Comme raconté dans mon message du 16 mai dernier (http://jybaventures.blogspot.com/2019/05/a-la-conquete-de-la-chine_16.html ), un éditeur chinois a acheté les droits de la série Missions Kimono pour la Chine (la série est traduite en chinois bien sûr).
Voici par exemple la couverture du tome 2, que je n'avais pas encore montrée :
Une chose m'inquiétait : la traduction des premiers albums est-elle bien faite et les expressions, tant aéronautiques que typiquement françaises, sont-elles bien retranscrites en mandarin ? A priori, oui. C'est l'éditeur chinois qui se charge de cette traduction, à partir des albums en français. Mais sait-on jamais...

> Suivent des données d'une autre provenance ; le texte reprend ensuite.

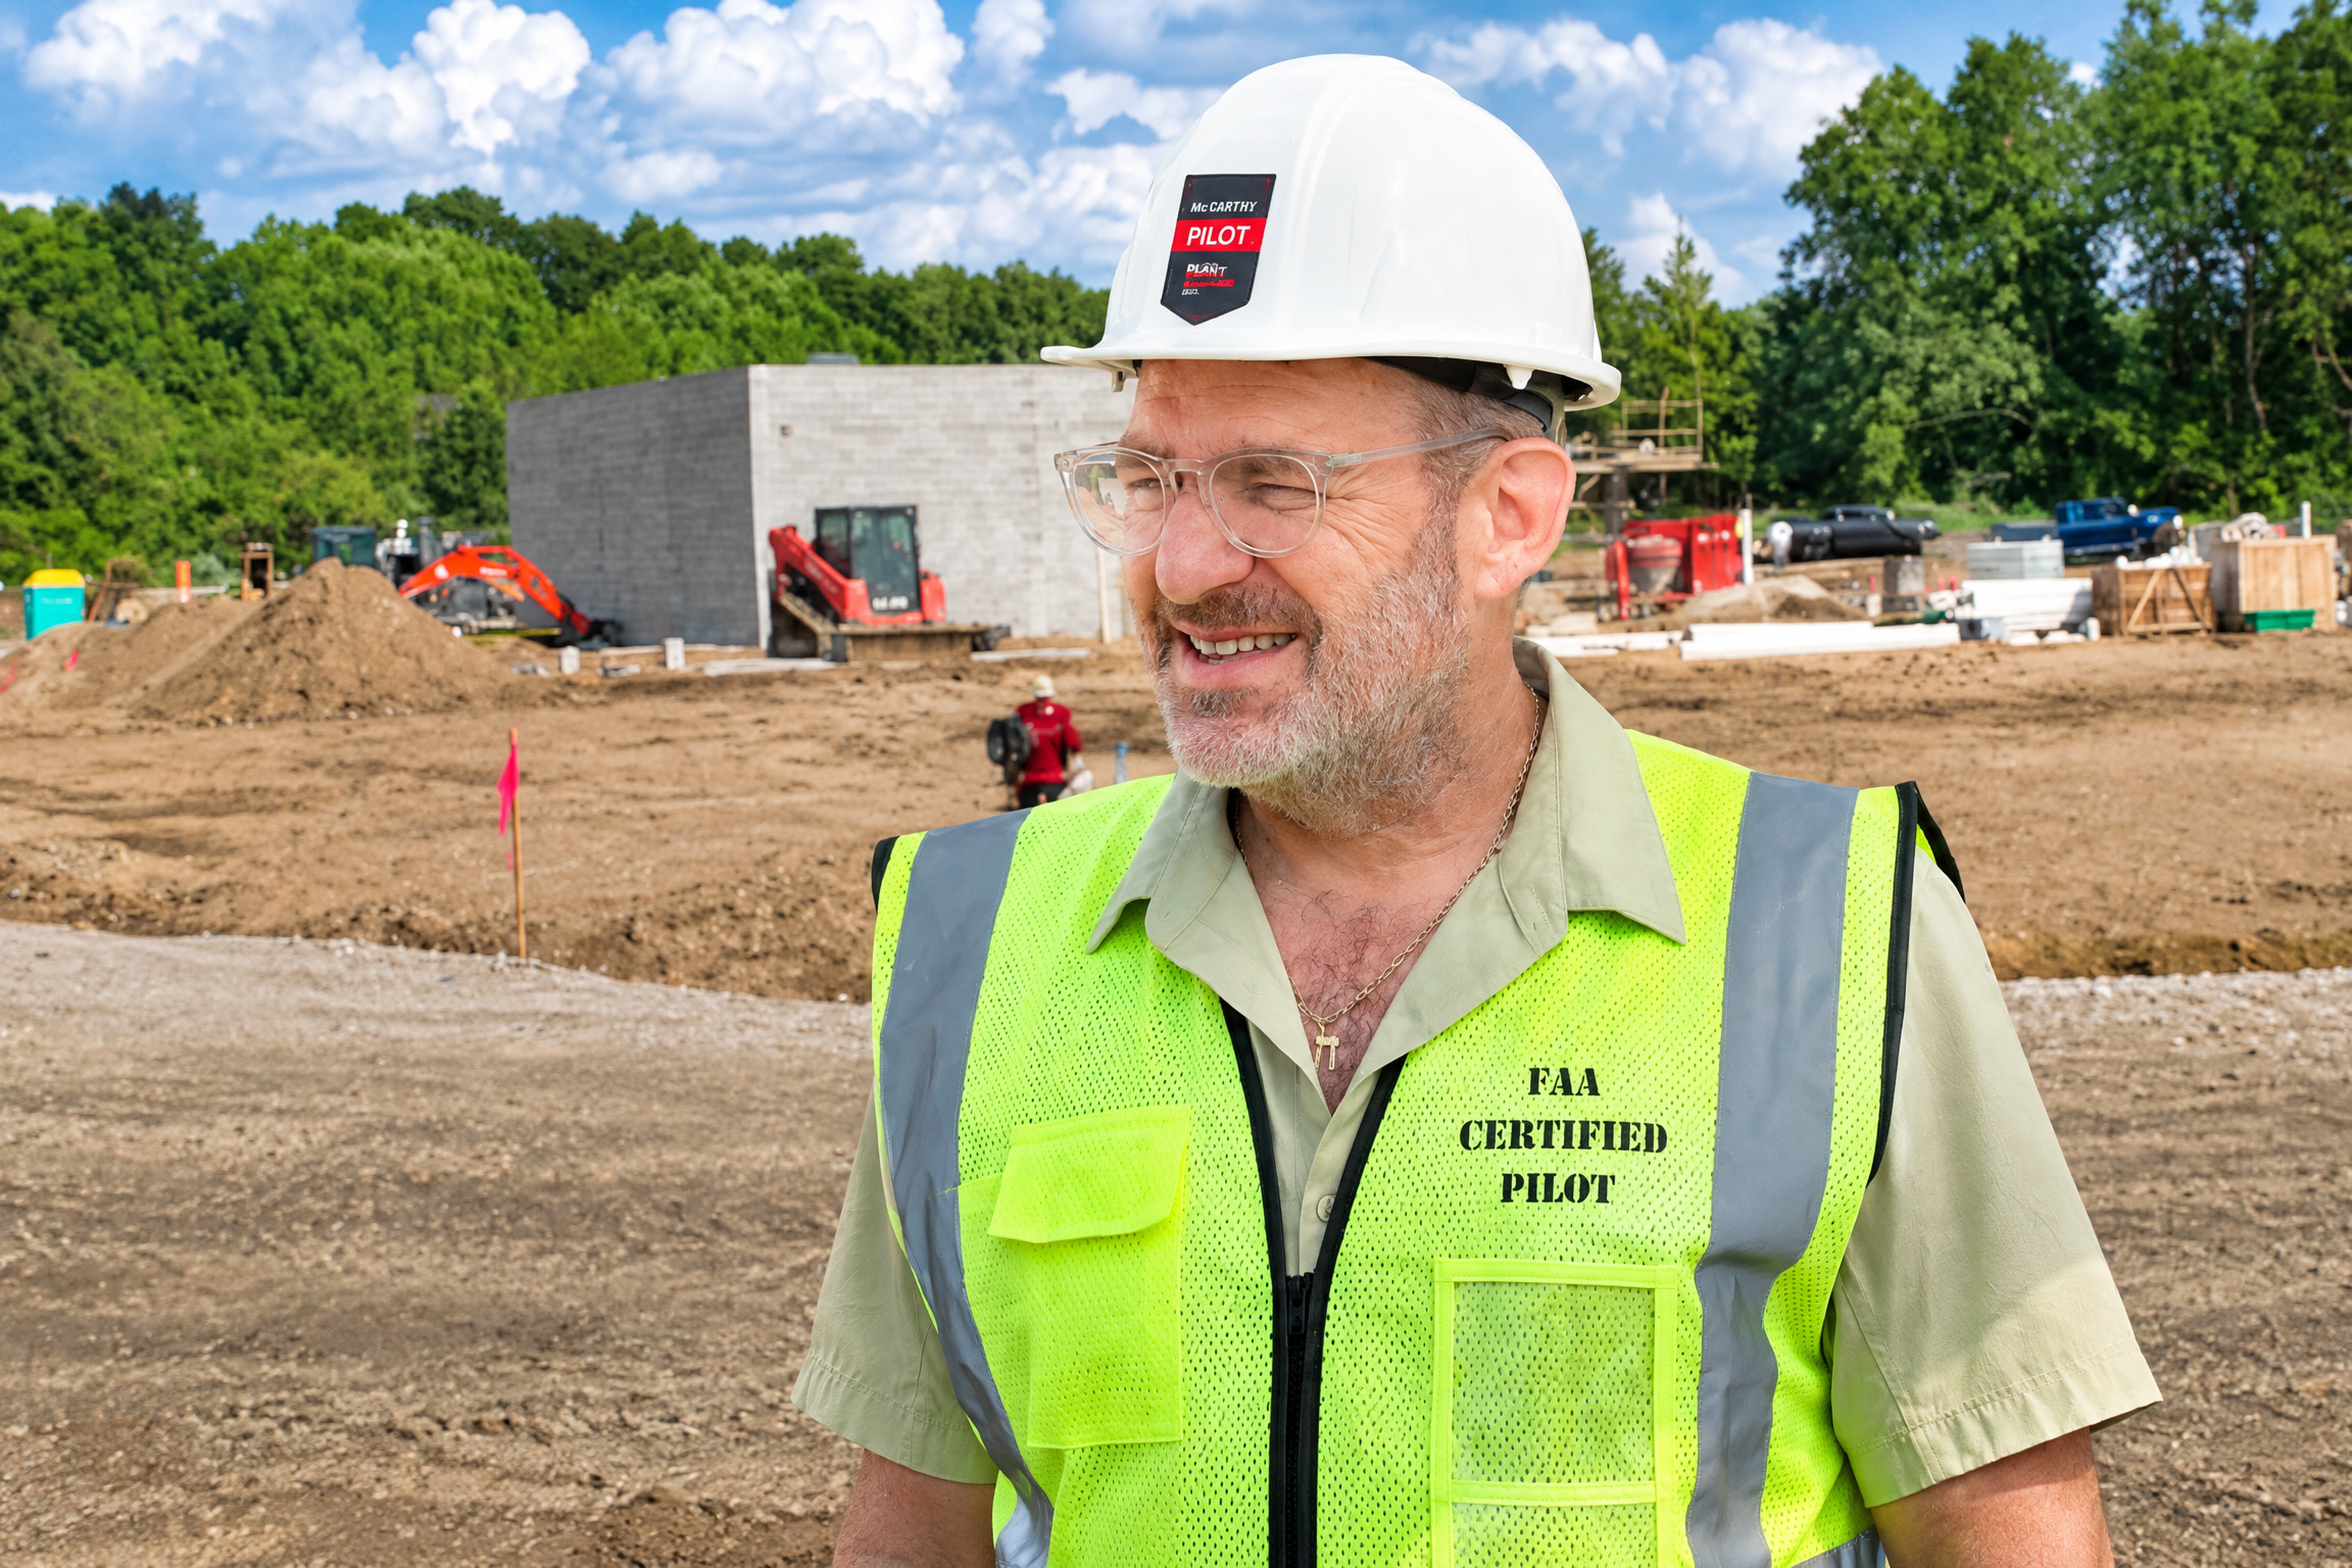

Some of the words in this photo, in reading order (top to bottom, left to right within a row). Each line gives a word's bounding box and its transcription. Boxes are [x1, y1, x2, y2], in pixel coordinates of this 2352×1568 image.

Il se trouve que ma soeur, qui, en tant que professeur d'anglais ici en Bretagne, a joué un rôle d'intermédiaire dans mes discussions (en anglais) avec l'éditeur chinois et sa secrétaire en charge du dossier "Missions Kimono", m'a signalé qu'elle croise parfois une femme dont le mari est Chinois. Nous avons convenu que ce serait utile de faire lire, par ce dernier, mes trois albums "chinois" existant à ce jour. Après prise de contact, je me suis donc rendu chez lui. C'est alors qu'il m'a appris que - nous l'ignorions - non seulement il est professeur de chinois (pour des élèves français) mais qu'en plus, il lui est arrivé de faire des traductions de livres culturels en chinois, à partir de livres français (il m'a montré deux d'entre eux). Quel heureux hasard...
Verdict : il semble - ce monsieur n'a pas tout lu des trois albums Kimono en chinois, juste parcouru quelques pages de-ci, de-là - que, dans l'ensemble, les traductions soient bien faites et que les passages des textes purement aéronautiques soient à peu près bien rendus en chinois.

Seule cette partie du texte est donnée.